Try it:
Set every line of the data down again exactly, and keep the pictures out.

Collected data

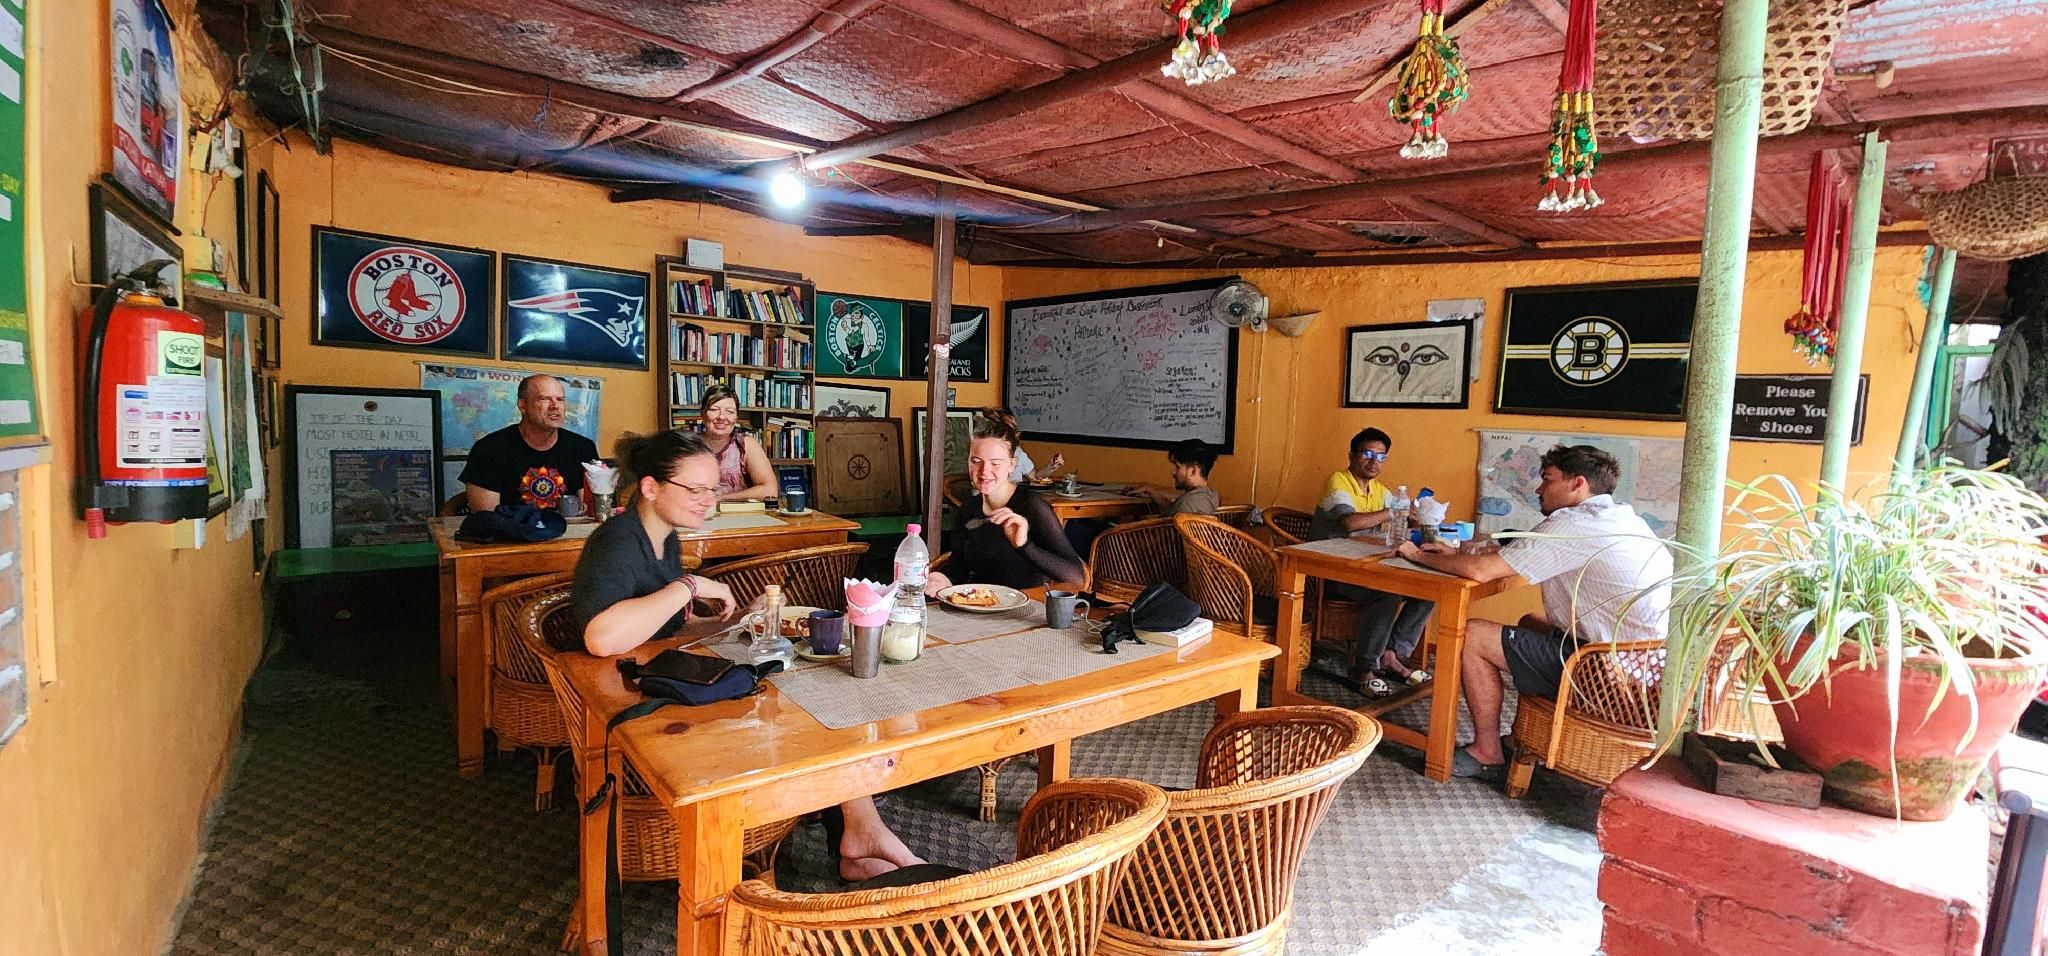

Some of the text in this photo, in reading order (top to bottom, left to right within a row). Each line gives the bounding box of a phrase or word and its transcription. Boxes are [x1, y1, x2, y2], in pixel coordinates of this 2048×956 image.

[362, 254, 453, 288] BOSTON
[366, 309, 451, 338] RED SOX
[869, 312, 884, 351] CELTICS
[828, 315, 842, 357] BOSTON
[169, 343, 200, 355] SHOOT
[1569, 332, 1608, 371] B
[178, 356, 195, 365] FIRE
[1765, 385, 1816, 398] Please
[1734, 403, 1829, 418] Remove You
[1759, 421, 1813, 434] Shoes

Exercise output:
Some of the text in this photo, in reading order (top to bottom, left to right within a row). Each line gives the bounding box of a phrase or word and its transcription. Boxes are [x1, y1, x2, y2], in pixel coordinates of this 2048×956 image.

[362, 254, 453, 288] BOSTON
[366, 309, 451, 338] RED SOX
[869, 312, 884, 351] CELTICS
[828, 315, 842, 357] BOSTON
[169, 343, 200, 355] SHOOT
[1569, 332, 1608, 371] B
[178, 356, 195, 365] FIRE
[1765, 385, 1816, 398] Please
[1734, 403, 1829, 418] Remove You
[1759, 421, 1813, 434] Shoes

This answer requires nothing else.